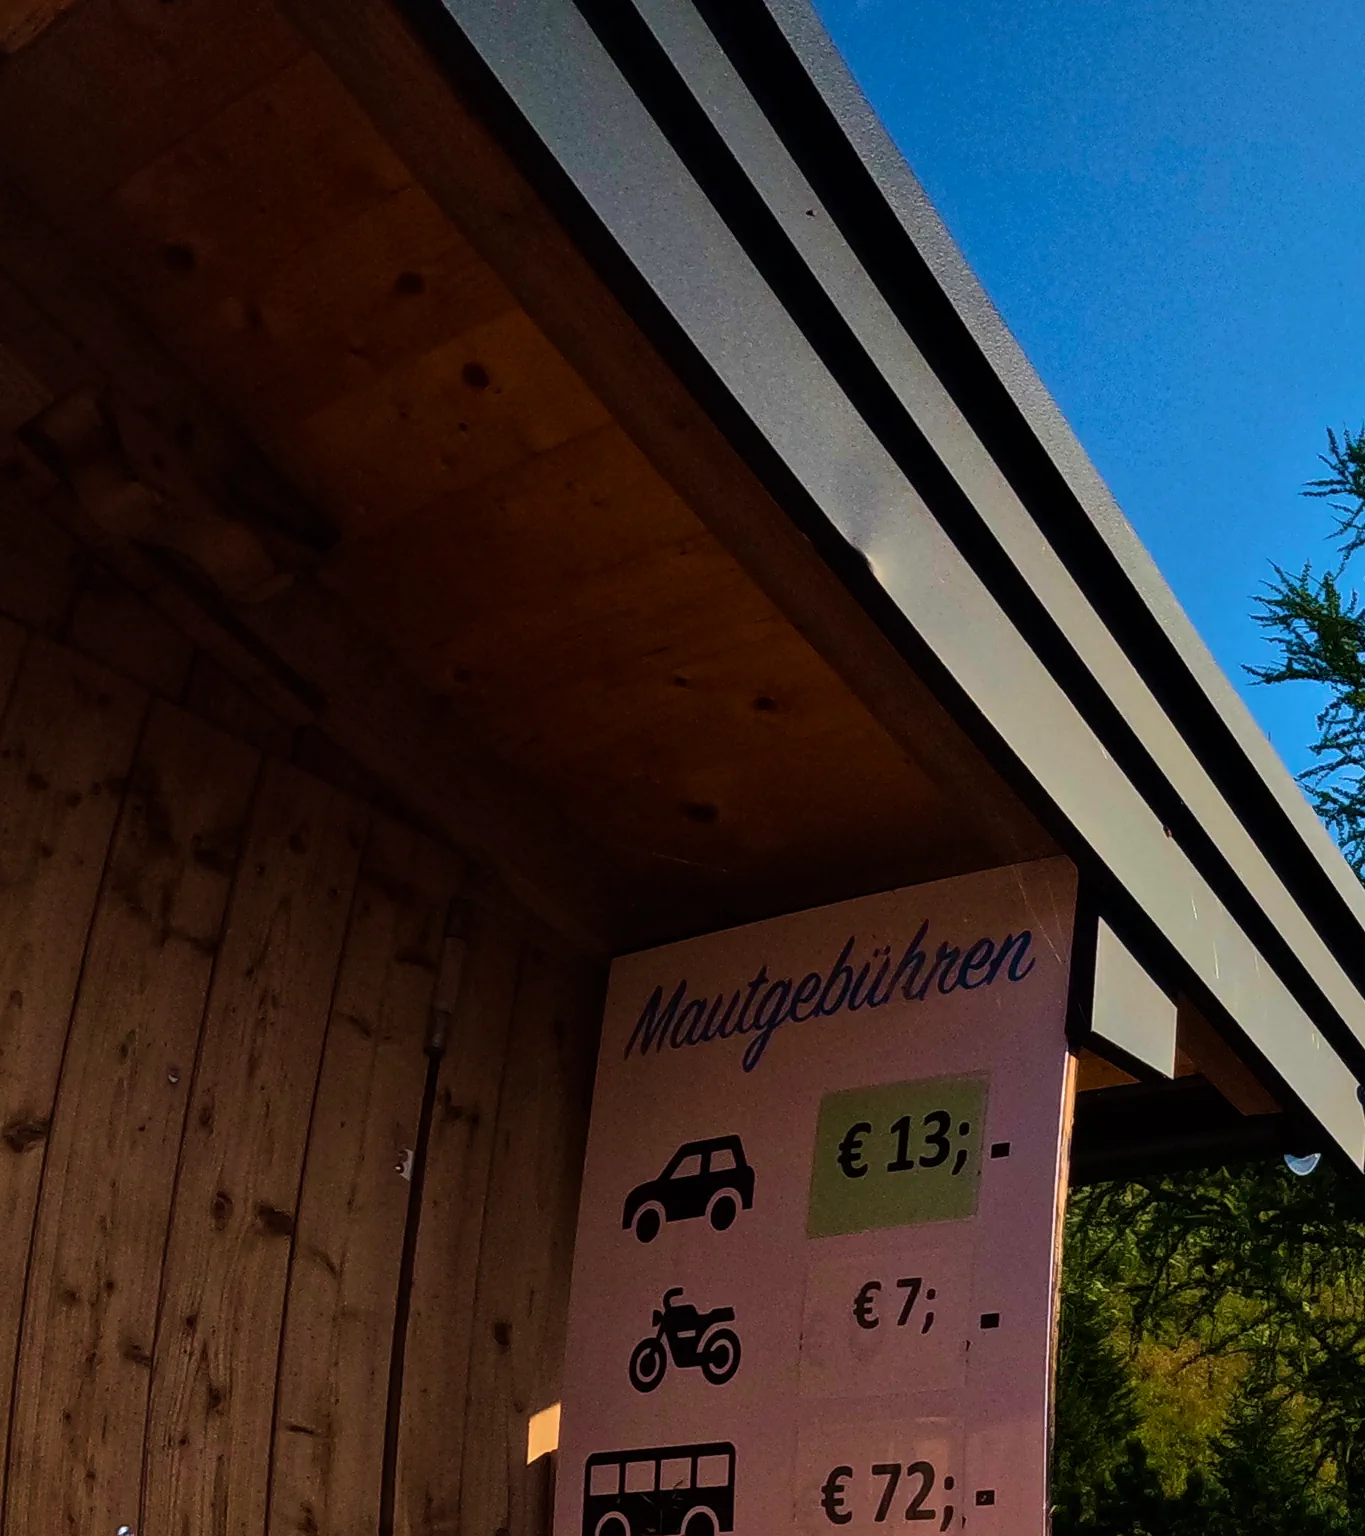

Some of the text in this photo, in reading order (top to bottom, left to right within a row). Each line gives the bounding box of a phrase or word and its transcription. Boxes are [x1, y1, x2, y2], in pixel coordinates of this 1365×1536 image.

[624, 919, 1036, 1073] Mautgebühren
[837, 1122, 872, 1178] €
[853, 1281, 882, 1329] €
[821, 1466, 853, 1524] €

++++++++++++++++++++

### [ACTION ITEM]
Return all the data exactly, pictures omitted.

### [TASK RESULT]
Some of the text in this photo, in reading order (top to bottom, left to right within a row). Each line gives the bounding box of a phrase or word and its transcription. Boxes are [x1, y1, x2, y2], in pixel coordinates of this 1365×1536 image.

[624, 919, 1036, 1073] Mautgebühren
[837, 1122, 872, 1178] €
[853, 1281, 882, 1329] €
[821, 1466, 853, 1524] €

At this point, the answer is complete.